Results From October 2007 to September 2010, the required sample size of 162 enrolled patients was completed. Median age was 45.3 years (18.7–70.2 years) and median WBC 1.50 × 109/L. As to the Sanz's risk score, 61.8% and 38.2% of patients were in the intermediate- and low-risk categories, respectively. The two treatment arms were well balanced for main baseline characteristics including age, sex, median WBC and Sanz's score. Eight patients were not evaluable for induction due to ineligibility or protocol violation. Of 154 patients evaluable for response to induction, CR was achieved in 150 (97.4%): 75/75 (100%) in arm A vs 75/79 (95%) in arm B (P=0.12). After a median follow-up of 31 months (range 0.07–50.4) the 2 year EFS (primary objective) was 97% (C.I.95%: 93.1–100) and 86.7% (C.I.95%: 80.3–93.6) in arms A and B respectively (P=0.03). There were 1 death in CR and 2 relapses in arm A, and 7 deaths (4 in induction, 3 in CR) and 4 relapses in arm B. As to secondary objectives, OS, DFS, and CIR rates were 98.7% vs. 91.1% (P=0.03), 97% vs. 91.6% (P=0.19) and 1.6% vs. 4.3% (P=0.41) in arm A and B, respectively. Fever episodes, prolonged (>15 d) grade ≥ 3 neutropenia and thrombocytopenia were significantly more frequent in patients in arm B as compared to those in arm A (P <.001 for all comparisons). Other side effects including differentiation syndrome and increase of liver enzymes were recorded with similar frequency in the two study arms. Two patients in arm A had QTc prolongation requiring ATO discontinuation with final withdrawal in one case. PCR analysis of PML/RARA (sensitivity 10−4) was centrally performed in Rome (F. Lo-Coco) and Dresden (C. Thiede) and showed molecular CR in 141/142 (99%) of evaluable patients after completion of 3rd consolidation. One patient in arm B who tested PCR-positive at this time point was considered resistant and taken off protocol as per study design.

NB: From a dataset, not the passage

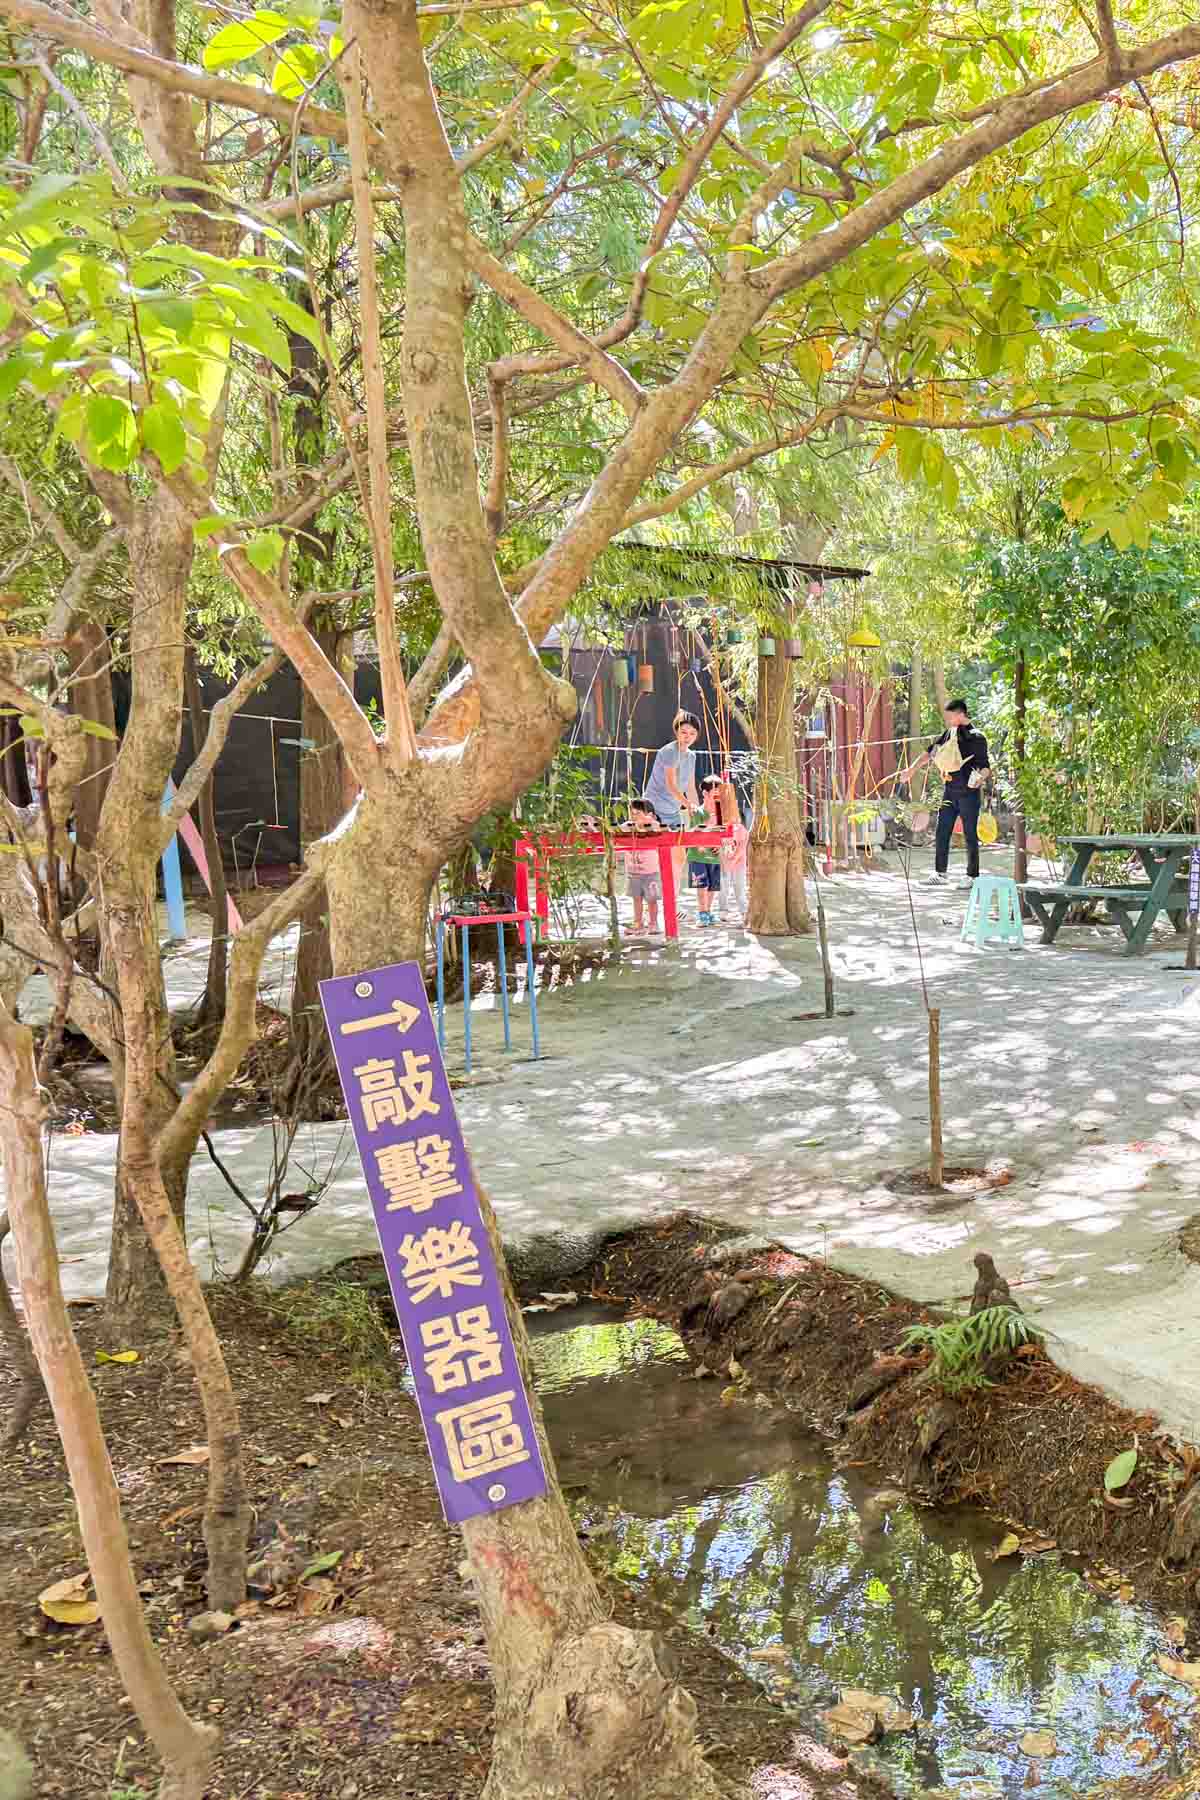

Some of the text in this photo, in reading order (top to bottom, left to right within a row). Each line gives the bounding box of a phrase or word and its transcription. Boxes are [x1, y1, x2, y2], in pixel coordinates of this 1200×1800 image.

[353, 1050, 530, 1482] 敲擊樂器區

Conclusions For patients with newly diagnosed non-high-risk APL, as compared to the standard AIDA regimen, the front-line CHT-free ATO+ATRA combination is at least not inferior for 2 year EFS.

Disclosures: Lo-Coco: Boehringer Ingelheim: Membership on an entity's Board of Directors or advisory committees; Cephalon: Speakers Bureau. Off Label Use: Arsenic Trioxide (ATO) is currently approved for therapy of relapsed APL in the US and Europe. In this study the role of ATO in front-line therapy of APL is explored. Fiedler: Pfizer Inc.: Consultancy, Research Funding; Novartis: Consultancy, Research Funding. Breccia: Celgene: Honoraria; Novartis: Honoraria; BMS: Honoraria. Platzbecker: GlaxoSmithKline: Consultancy; Celgene: Consultancy; Novartis: Consultancy; Amgen: Consultancy.